Definizione del concordato minore

Il concordato minore trova la propria disciplina dagli articoli da 74 a 83 CCII, e viene inquadrato quale strumento di regolazione della crisi da sovraindebitamento. Risulta quindi congegnato quale istituto finalizzato alla regolazione della crisi delle imprese minori e degli insolventi civili, non consumatori, rappresentando, come sopra accennato, un’evoluzione della procedura di accordo del debitore già contemplata dalla L. n. 3 del 2012.

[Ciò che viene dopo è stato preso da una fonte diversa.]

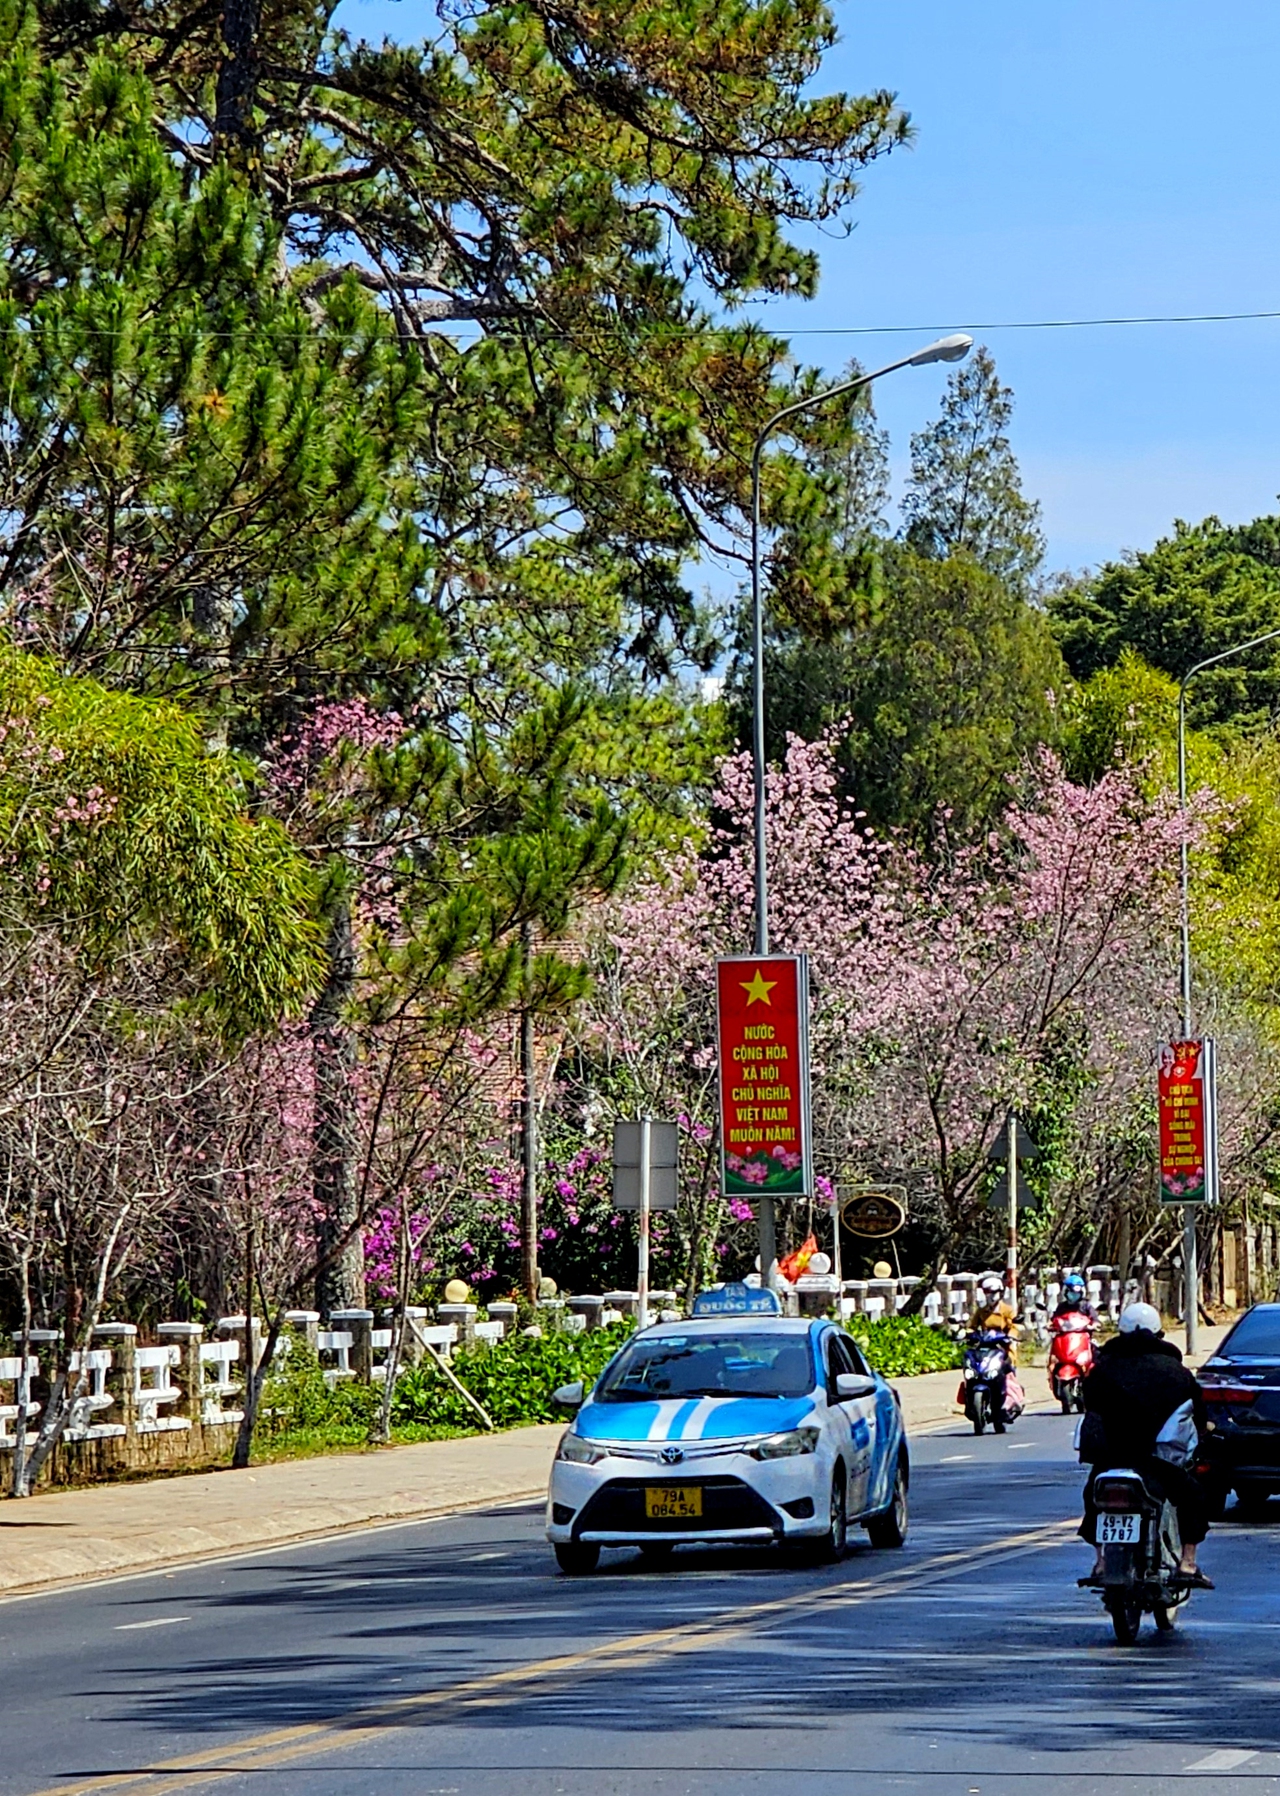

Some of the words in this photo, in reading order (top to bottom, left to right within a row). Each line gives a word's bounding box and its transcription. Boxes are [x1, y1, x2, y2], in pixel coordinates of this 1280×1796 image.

[744, 1023, 775, 1040] NƯỚC
[733, 1044, 763, 1063] CỘNG
[766, 1043, 788, 1060] HÒA
[742, 1065, 758, 1081] XÃ
[760, 1064, 779, 1083] HỘI
[732, 1083, 754, 1101] CHỦ
[757, 1084, 791, 1100] NGHĨA
[736, 1105, 760, 1124] VIỆT
[762, 1107, 788, 1121] NAM
[730, 1126, 763, 1142] MUÔN
[766, 1125, 795, 1141] NĂM!
[662, 1490, 685, 1502] 79A
[1103, 1529, 1133, 1541] 6787

Per il tramite della procedura di concordato minore, il debitore, assistito da un OCC (organismo di composizione della crisi), può quindi proporre ai creditori un accordo preordinato alla composizione della crisi che, qualora dagli stessi approvato, potrà essere omologato dal Tribunale (in composizione monocraica), per in seguito essere posto in esecuzione.

Divergenze e analogie rispetto ai concordati

Il concordato liquidatorio minore, diversamente dal concordato in continuità, richiede, ed al pari di quanto statuito nell’art. 84, ultimo comma del CCII, per il concordato preventivo, l’incremento delle risorse da destinare alla soddisfazione dei creditori (art. 74, comma II, CCII). Se difettano queste ultime l’unica strada percorribile, per sciogliere la situazione di sovraindebitamento, è quella della liquidazione controllata del debitore.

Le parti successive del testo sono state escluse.